(Data entries)

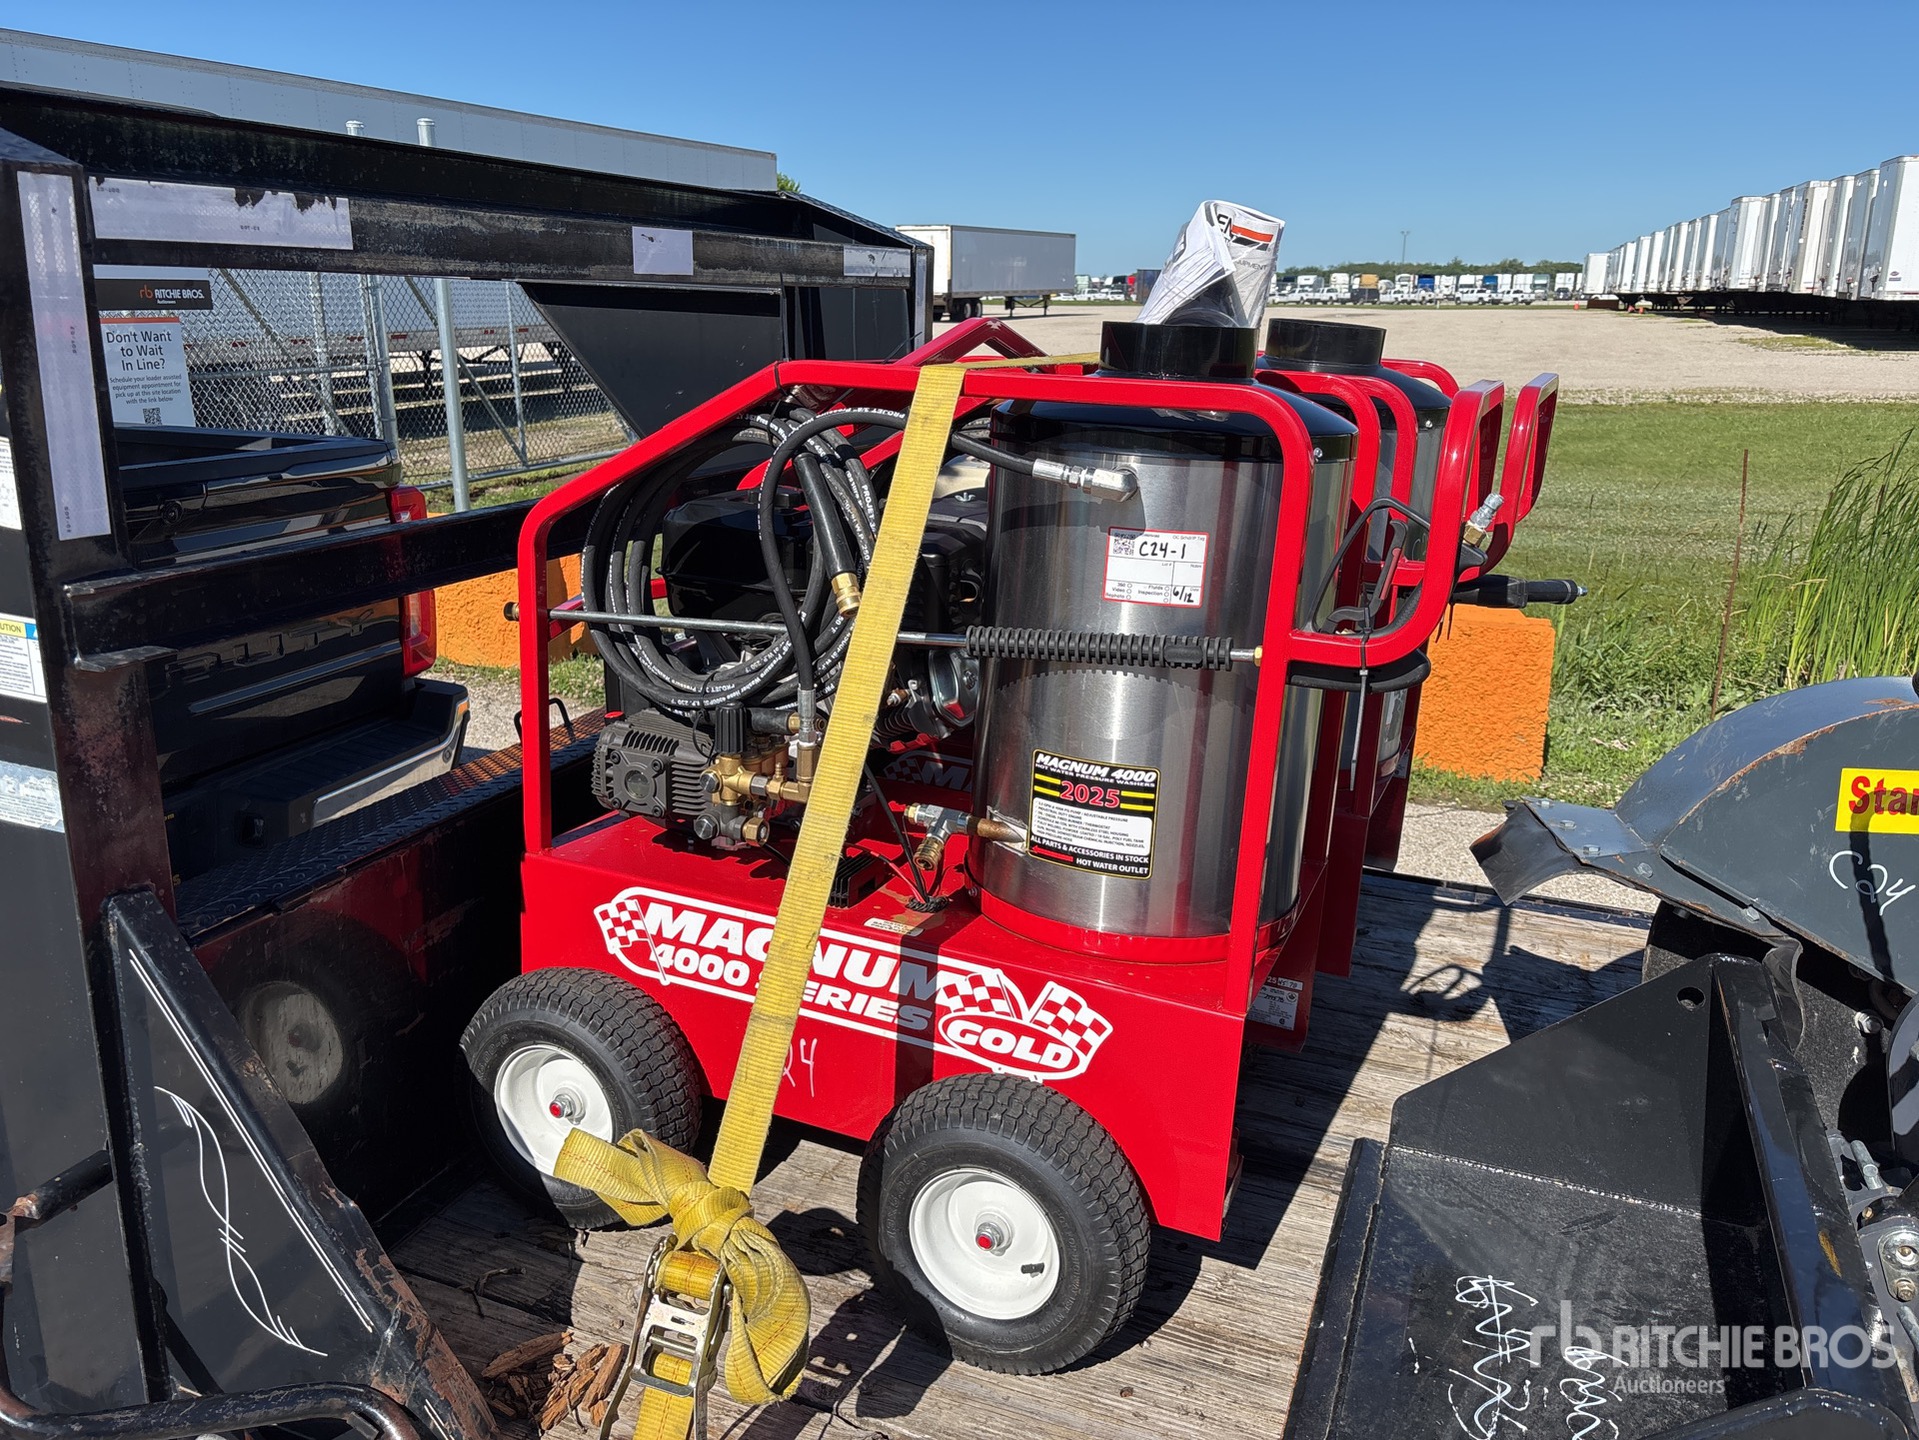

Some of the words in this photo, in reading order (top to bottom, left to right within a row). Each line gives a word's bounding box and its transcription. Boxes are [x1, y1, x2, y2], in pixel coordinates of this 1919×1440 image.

[154, 288, 181, 299] RITCHIE
[181, 289, 205, 299] BROS.
[106, 331, 138, 343] Don't
[140, 331, 172, 342] Want
[121, 346, 133, 357] to
[137, 344, 163, 356] Wait
[121, 360, 133, 371] In
[137, 359, 166, 371] Line?
[112, 383, 140, 391] equipment
[861, 484, 875, 520] PROJET
[1139, 540, 1186, 560] C24-1
[0, 623, 21, 633] UTION
[760, 653, 783, 678] Pressure
[741, 677, 761, 693] Washer
[726, 690, 742, 700] Hose
[1035, 763, 1049, 771] HOT
[1049, 766, 1074, 777] WATER
[1075, 770, 1115, 784] PRESSURE
[1115, 779, 1156, 788] WASHERS
[1036, 753, 1110, 778] MAGNUM
[1110, 768, 1157, 783] 4000
[1060, 780, 1120, 809] 2025
[1030, 835, 1042, 844] ALL
[1042, 838, 1062, 850] PARTS
[1068, 846, 1115, 860] ACCESSORIES
[1124, 855, 1150, 865] STOCK
[1076, 857, 1092, 867] HOT
[1092, 860, 1118, 871] WATER
[1118, 864, 1149, 874] OUTLET
[649, 942, 750, 987] 4000
[755, 974, 933, 1031] ERIES
[947, 1018, 1075, 1069] GOLD

Required action | Copy out all the data above exactly, minus the images.

Output below |
Some of the words in this photo, in reading order (top to bottom, left to right within a row). Each line gives a word's bounding box and its transcription. Boxes are [x1, y1, x2, y2], in pixel coordinates of this 1919×1440 image.

[154, 288, 181, 299] RITCHIE
[181, 289, 205, 299] BROS.
[106, 331, 138, 343] Don't
[140, 331, 172, 342] Want
[121, 346, 133, 357] to
[137, 344, 163, 356] Wait
[121, 360, 133, 371] In
[137, 359, 166, 371] Line?
[112, 383, 140, 391] equipment
[861, 484, 875, 520] PROJET
[1139, 540, 1186, 560] C24-1
[0, 623, 21, 633] UTION
[760, 653, 783, 678] Pressure
[741, 677, 761, 693] Washer
[726, 690, 742, 700] Hose
[1035, 763, 1049, 771] HOT
[1049, 766, 1074, 777] WATER
[1075, 770, 1115, 784] PRESSURE
[1115, 779, 1156, 788] WASHERS
[1036, 753, 1110, 778] MAGNUM
[1110, 768, 1157, 783] 4000
[1060, 780, 1120, 809] 2025
[1030, 835, 1042, 844] ALL
[1042, 838, 1062, 850] PARTS
[1068, 846, 1115, 860] ACCESSORIES
[1124, 855, 1150, 865] STOCK
[1076, 857, 1092, 867] HOT
[1092, 860, 1118, 871] WATER
[1118, 864, 1149, 874] OUTLET
[649, 942, 750, 987] 4000
[755, 974, 933, 1031] ERIES
[947, 1018, 1075, 1069] GOLD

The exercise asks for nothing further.